» **WHAT IS BEING ASKED**
The data that follows must be transcribed in full and exactly, minus the pictures.

=== Section Start ===

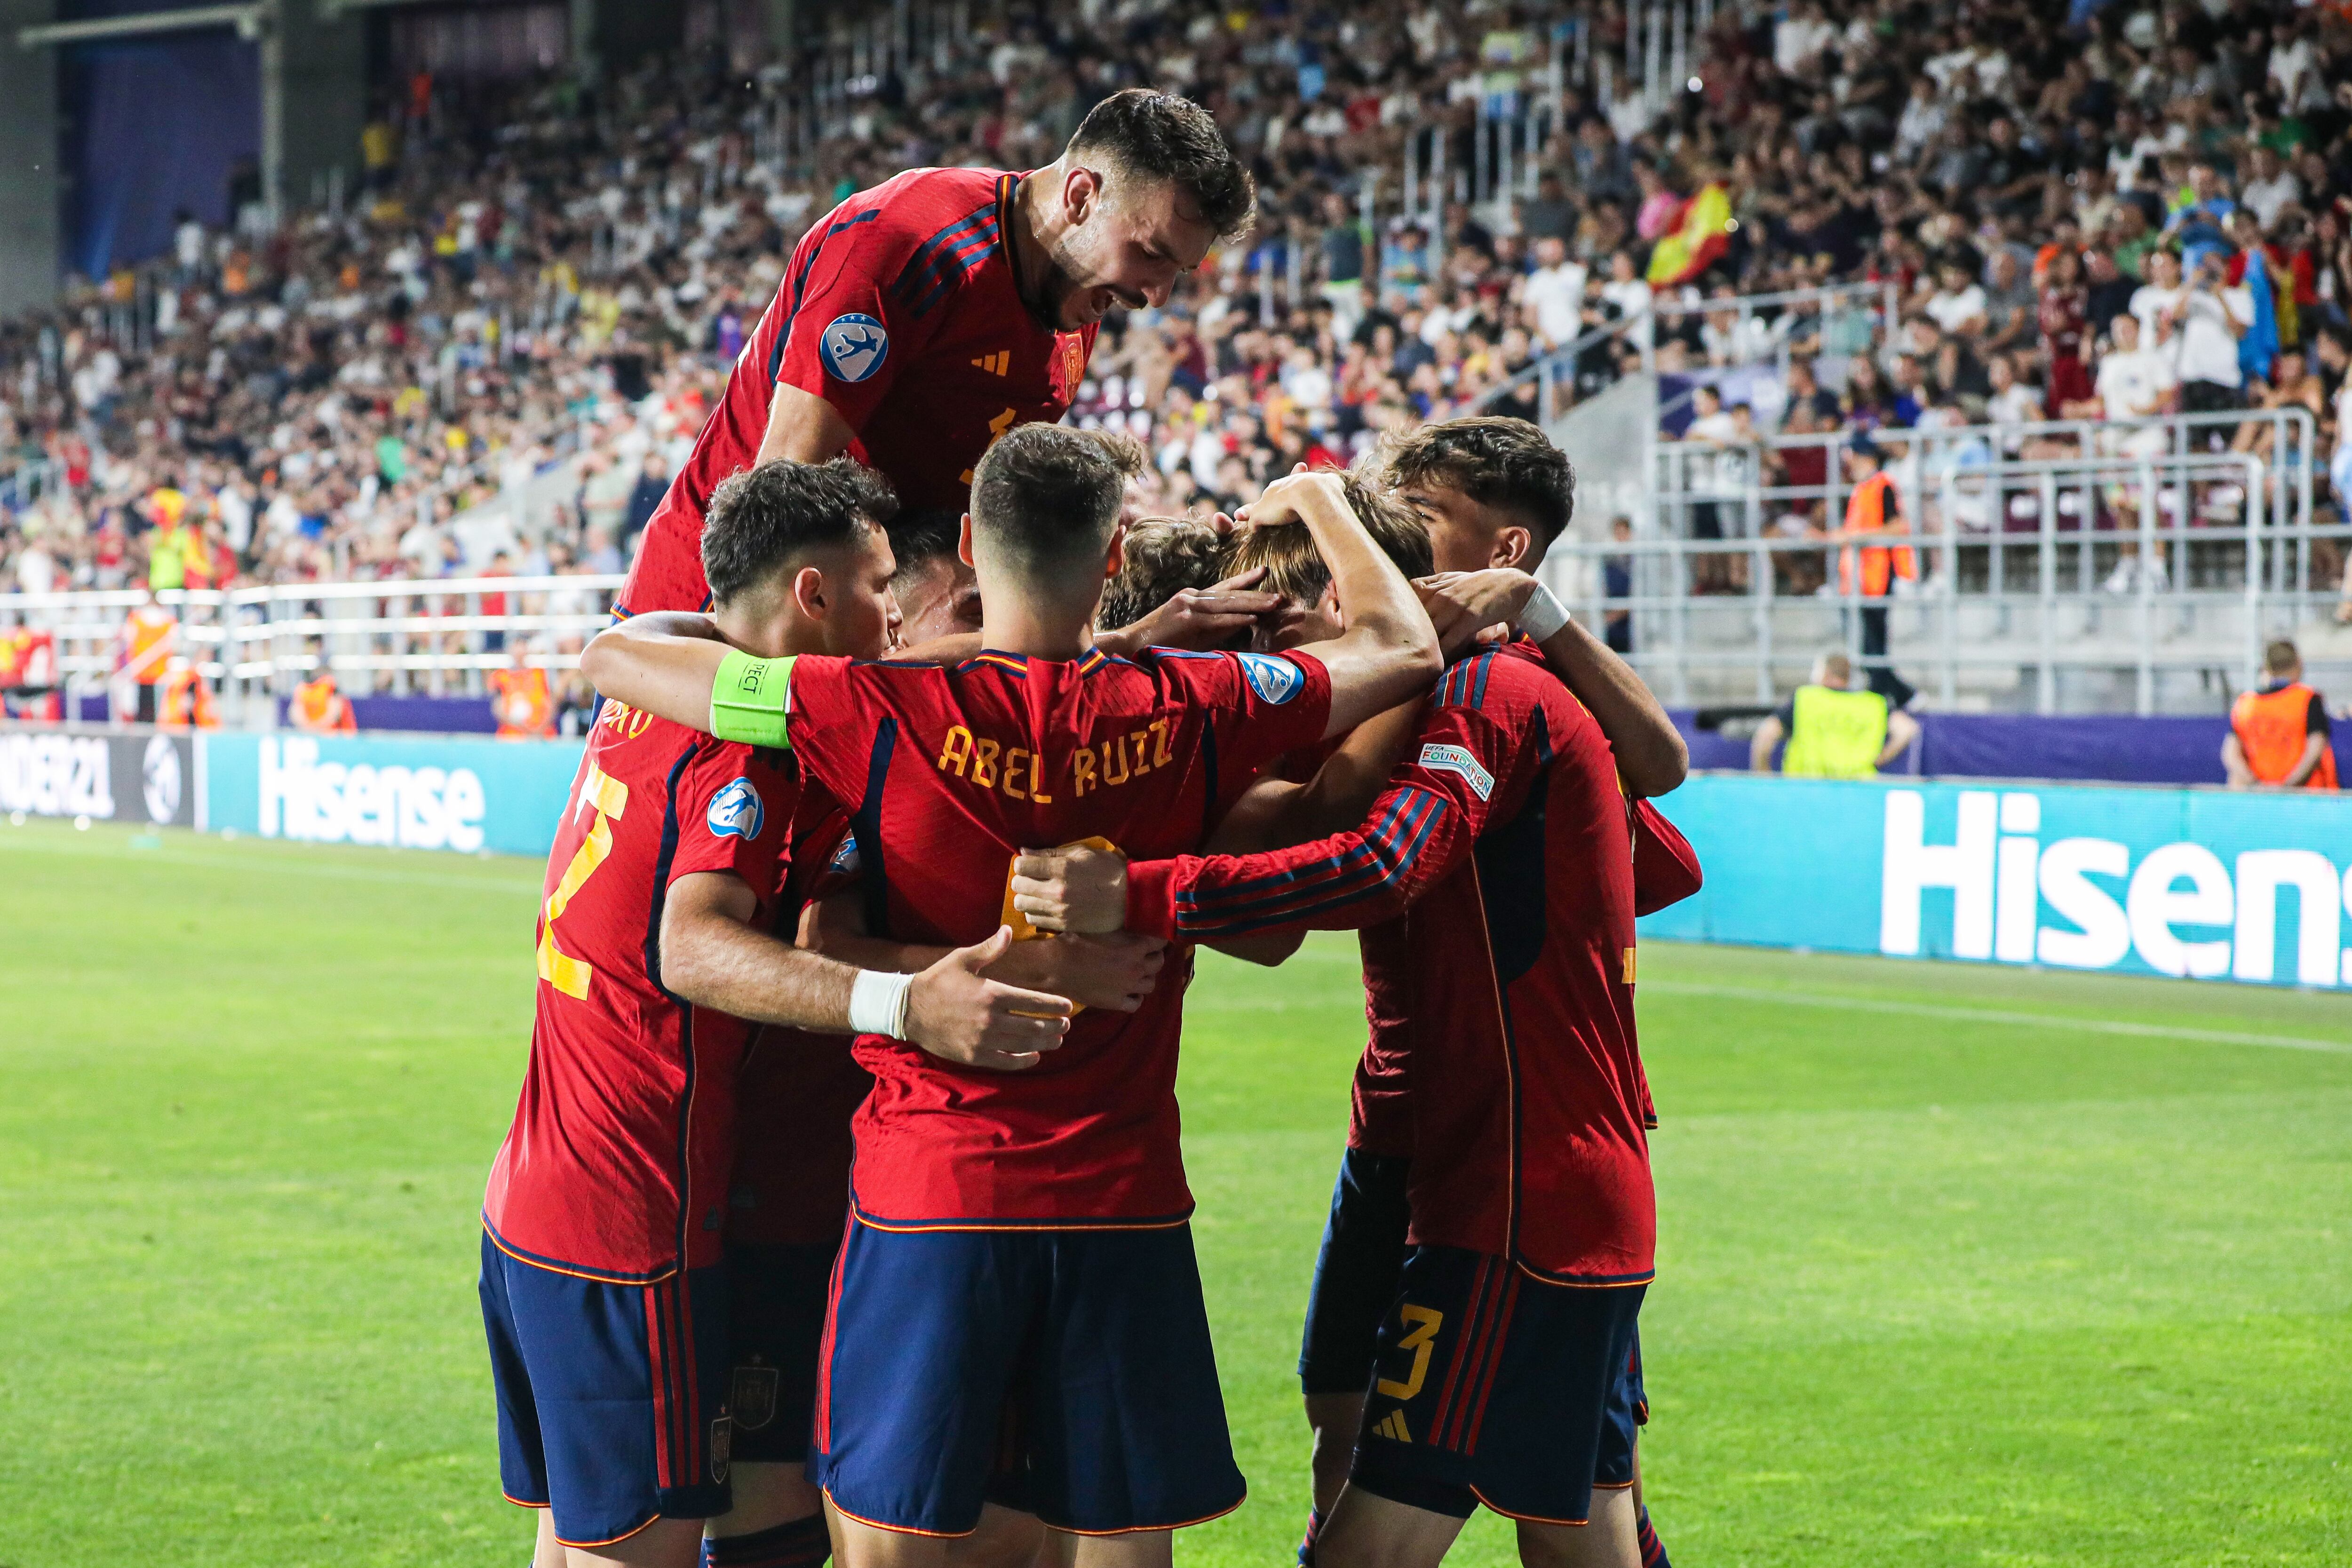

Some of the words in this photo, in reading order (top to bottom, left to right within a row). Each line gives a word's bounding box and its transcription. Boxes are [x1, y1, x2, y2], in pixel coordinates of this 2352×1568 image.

[258, 736, 485, 853] Hisense
[938, 725, 1052, 804] ABEL
[1074, 716, 1173, 797] RUIZ
[1422, 751, 1491, 793] FOUNDATION
[1880, 789, 2352, 987] Hisen
[1377, 1303, 1443, 1401] 3

=== Section End ===

» **ANSWER SPACE**
Some of the words in this photo, in reading order (top to bottom, left to right within a row). Each line gives a word's bounding box and its transcription. Boxes are [x1, y1, x2, y2], in pixel coordinates of this 2352×1568 image.

[258, 736, 485, 853] Hisense
[938, 725, 1052, 804] ABEL
[1074, 716, 1173, 797] RUIZ
[1422, 751, 1491, 793] FOUNDATION
[1880, 789, 2352, 987] Hisen
[1377, 1303, 1443, 1401] 3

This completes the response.